The candles flared up again, that black flame threatening to scorch the ceiling, and Canaan House seemed to rock again as though with some earthquake—the electric lights overhead flickered and died briefly—and all four cavaliers were gone, back into the River. Harrow found herself imagining them in her mind’s eye: rising out of those turbid waters before the Saint of Duty with his spear and his sword, something looming behind him, bigger than the eye could comprehend. Bluer than death; unimaginable, advancing to greet the four dead swordsmen and the Lyctor.
She had not said goodbye. Harrow so rarely got to say goodbye.
* * *
The lights flickered again. A fine haze was rising from the grille beneath their feet, carrying a thin suggestion of smoke. The candles had gone out entirely, and their thin satiny souls were rising to heaven in the metal rafters. There was a pervasive, clinging smell of burning dust, and the continuous rumbling of softly piling rock and bending metal. They stared at each other with a left-behind, exhausted bemusement: Harrowhark and the ghosts of Dulcinea Septimus, Magnus Quinn, and Abigail Pent.
With rising agitation that she could not quite quell, Harrow found herself asking curtly: “What’s my role in this exodus, Pent?”
“If you stay, there’s no question of you absorbing yourself or expelling yourself,” said Abigail, and there was something quite careful in the way she said it. “You’re the host soul, and can only be displaced willingly—or with the kind of violence the Sleeper attempted. Spirits always wish to return to their bodies, and pine without them. The only exits for you now are the River, leaving your body completely—or you can simply go home, and wake up.”
Gideon.
It had bewildered her, back at Canaan House, how the whole of her always seemed to come back to Gideon. For one brief and beautiful space of time, she had welcomed it: that microcosm of eternity between forgiveness and the slow, uncomprehending agony of the fall. Gideon rolling up her shirt sleeves. Gideon dappled in shadow, breaking promises. One idiot with a sword and an asymmetrical smile had proved to be Harrow’s end: her apocalypse swifter than the death of the Emperor and the sun with him.
She could let herself go, or she could go back to her body, and let her go.
Nav had made it her decision, when it came to imminent death either way. The free will to say Harrow dies or Harrow lives. And she had said, albeit fuck her for saying it: Harrow lives, which required its opposite balance: Gideon dies. Now here she was back again with what she had always wanted—the choice to say Yes, and the choice to say No, with the needle of No sliding fatally back toward Yes.
She said: “If I go back, it will finally destroy her soul.”
It was Magnus who stepped forward and looked at Harrow face-to-face. And perhaps she felt that more keenly: that he was the man who had, in Gideon’s own words a lifetime ago, been nice to her cavalier. His mouth was hard now, but his eyes were as kind as they had ever been. And kindness was a knife.

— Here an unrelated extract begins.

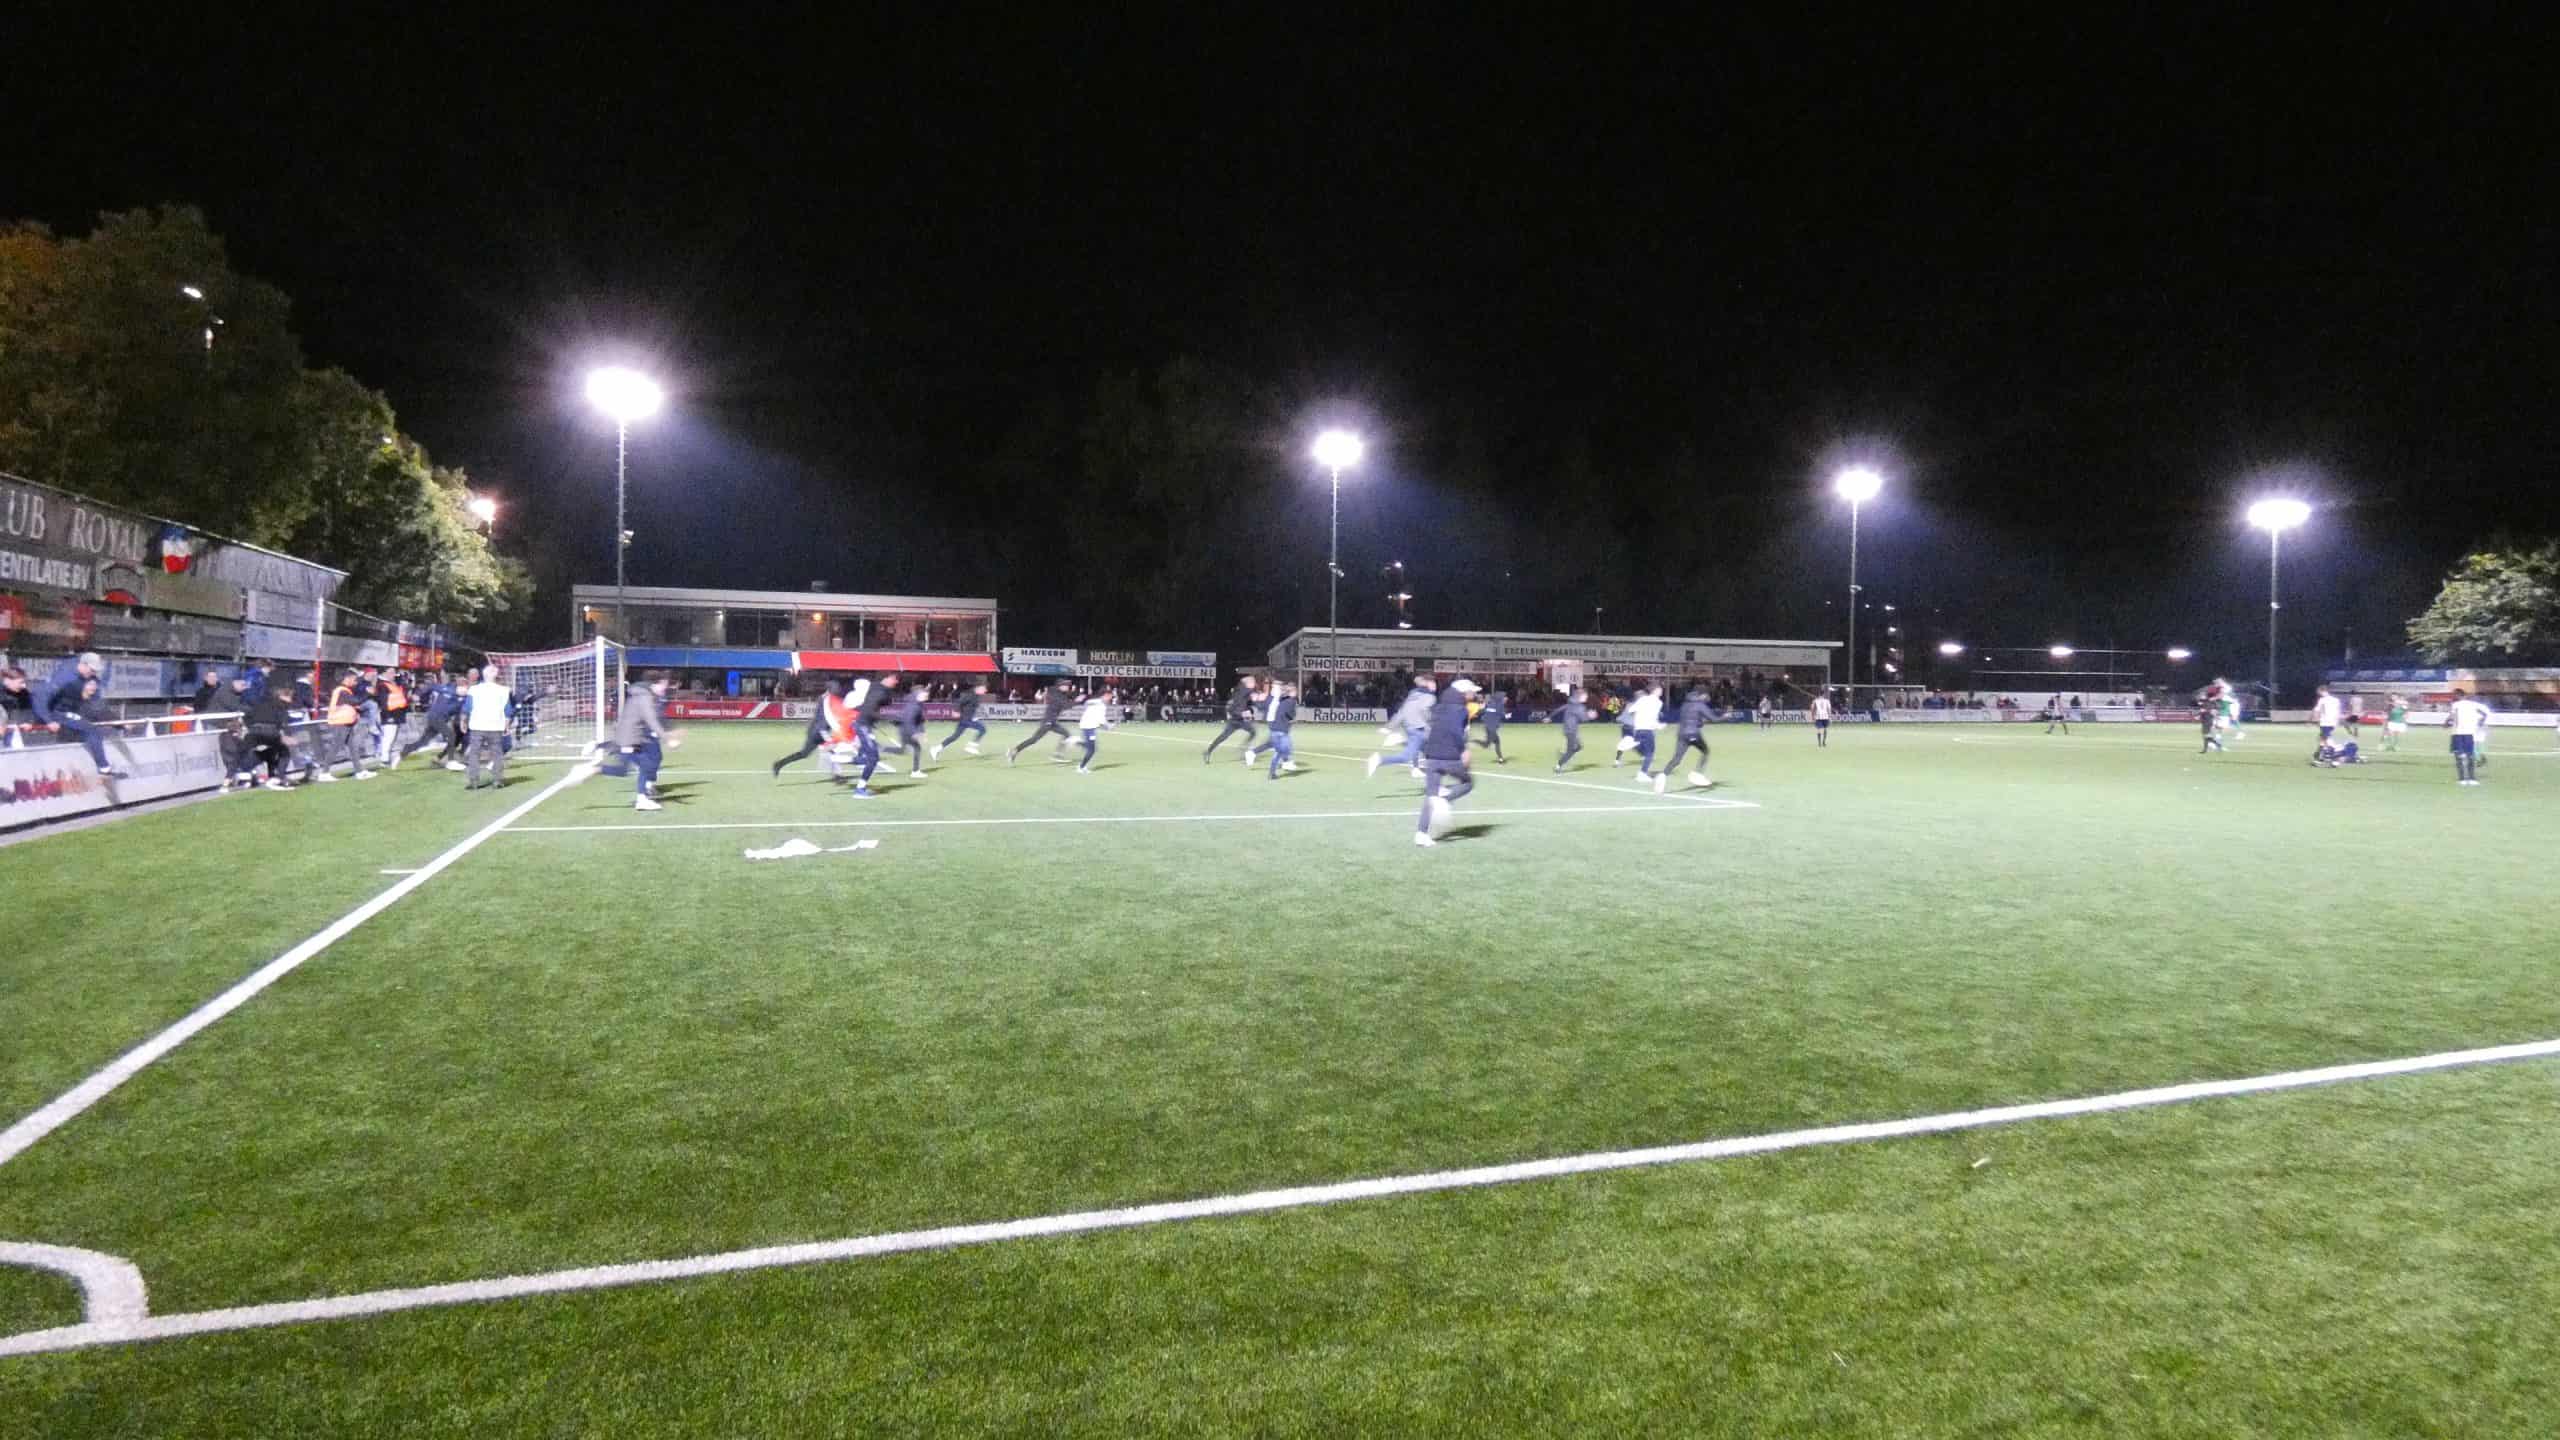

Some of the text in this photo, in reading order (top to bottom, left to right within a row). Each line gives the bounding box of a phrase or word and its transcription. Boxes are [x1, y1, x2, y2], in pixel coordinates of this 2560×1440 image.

“This whole thing happened because you wouldn’t face up to Gideon dying,” he said, which was a stab as precise as any Nonius had managed. “I don’t blame you. But where would you be, right now, if you’d said: She is dead? You’re keeping her things like a lover keeping old notes, but with her death, the stuff that made her Gideon was destroyed. That’s how Lyctorhood works, isn’t it? She died. She can’t come back, even if you keep her stuffed away in a drawer you can’t look at. You’re not waiting for her resurrection; you’ve made yourself her mausoleum.”
His wife looked at Harrow’s face and murmured, “Magnus, you’ve made your point,” but he uncharacteristically ignored her.

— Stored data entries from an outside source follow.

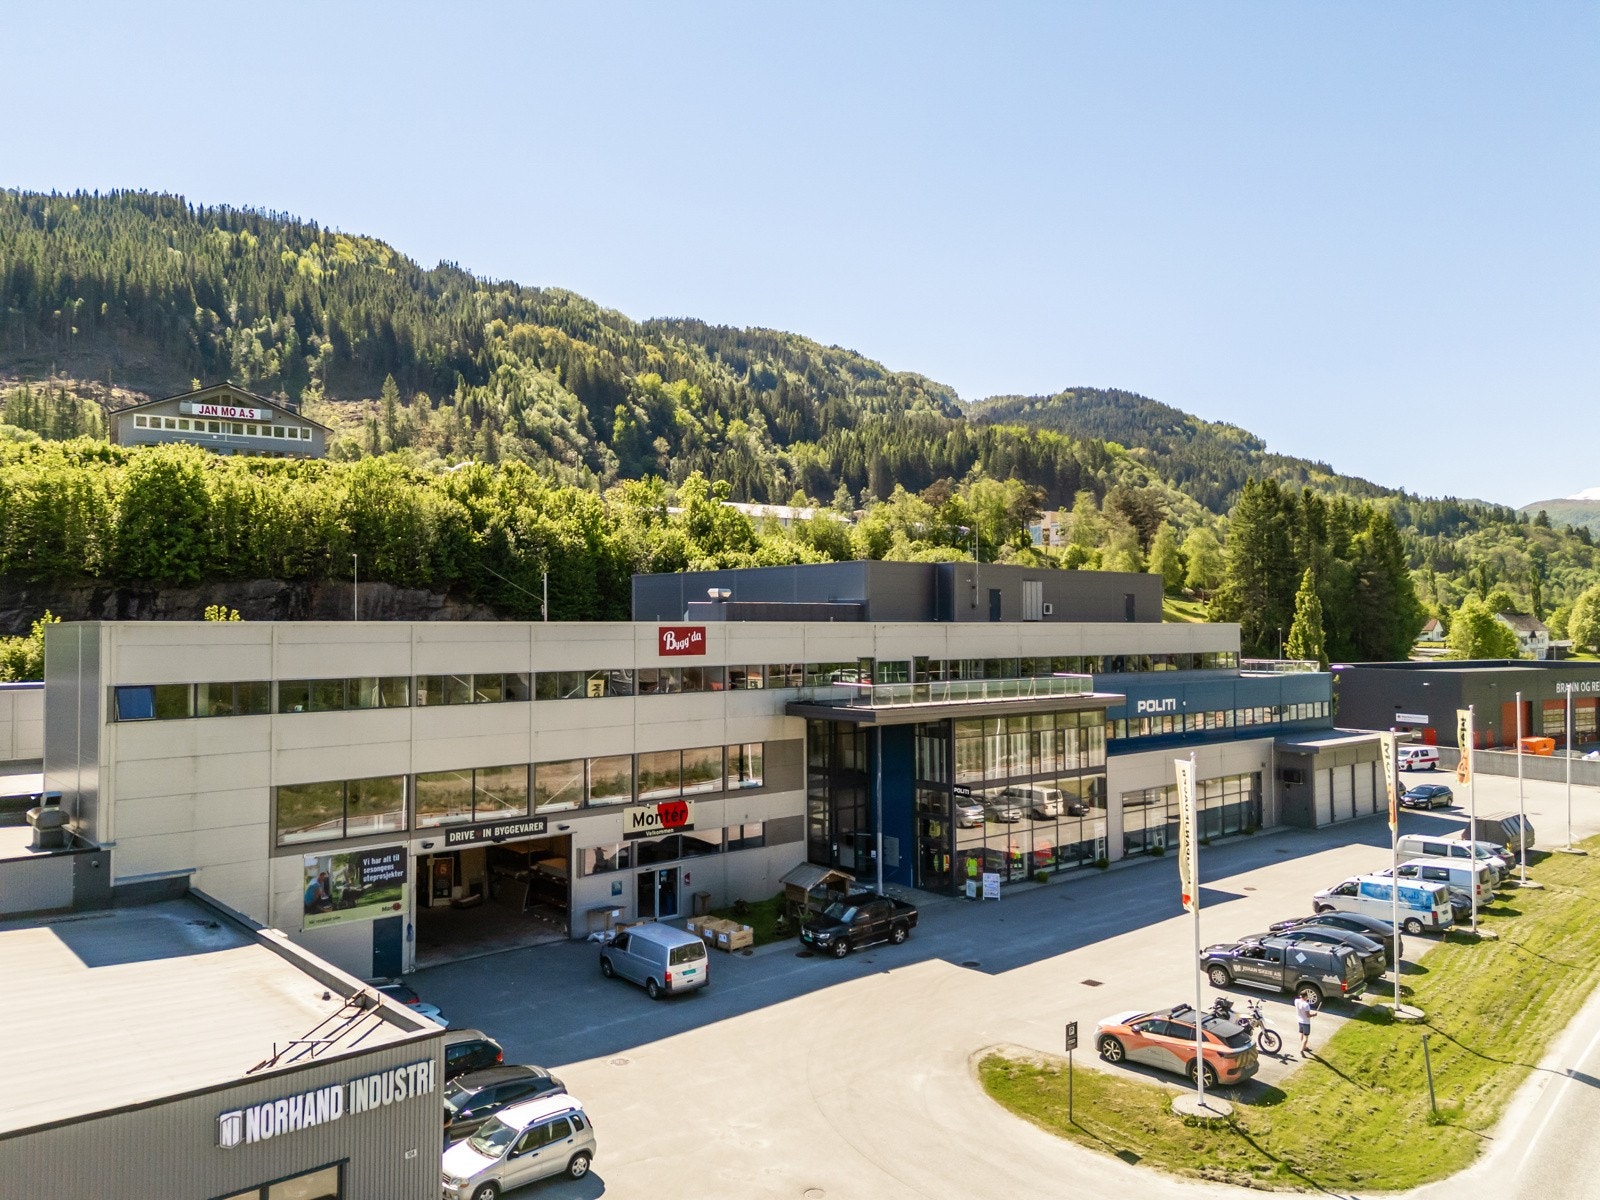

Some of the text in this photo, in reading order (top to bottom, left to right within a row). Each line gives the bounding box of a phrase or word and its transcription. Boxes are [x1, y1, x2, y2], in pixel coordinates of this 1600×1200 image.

[198, 405, 255, 419] JAN MO A.S
[1580, 681, 1591, 692] OG
[1137, 698, 1176, 713] POLITI
[953, 786, 970, 795] POLITI
[632, 808, 686, 828] Montér
[449, 822, 544, 843] DRIVE IN BYGGEVARER
[645, 828, 674, 838] Velkommen
[363, 857, 370, 866] Vi
[371, 857, 381, 865] har
[382, 855, 392, 863] alt
[363, 864, 394, 874] sesongens
[246, 1085, 344, 1144] NORHAND
[349, 1059, 435, 1115] INDUSTRI

“D’you know, Abigail broke up with me when we were seventeen? I kept a ripped-up corner of her dance card for three years. It didn’t even have any writing on it, or her initials, or mine. Just a ripped-up corner of card.”
One of the lights detached from the ceiling above them with a trailing shower of sparks and shattered on the grille beneath. To Harrow, it sounded like a tolling bell.

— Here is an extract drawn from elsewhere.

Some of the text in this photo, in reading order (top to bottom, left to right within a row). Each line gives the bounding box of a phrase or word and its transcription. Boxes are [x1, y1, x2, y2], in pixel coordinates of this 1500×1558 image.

“This is your ripped-up corner of card,” said Magnus. “You’re a smart girl, Harrowhark. You might turn some of that brain to the toughest lesson: that of grief.”
The drizzling dust had become a blizzard, and something buckled against the whiteboard wall. If the destruction of Canaan House kept progressing at this rate, even if it was some kind of metaphorical shift, it would, in a very unmetaphorical sense, squash everyone flat. Rules were rules. If a chunk of her psychological landscape fell on Abigail, or Dulcie, or Magnus, it would be a second death. Their spirits would be erased from existence, never able even to enter the River. They clustered closer toward her, like plants sensing sunlight: as though she were the eye of the storm, the destruction seemed to revolve around her, and the ground beneath their feet was still.
Harrowhark found herself studying Dulcie’s face: there was a strange, tucked-in stillness that made her old again, those fine sigil wrinkles on either side of the mouth that told her own lesson of suffering. Harrow said, “Then there is the River.”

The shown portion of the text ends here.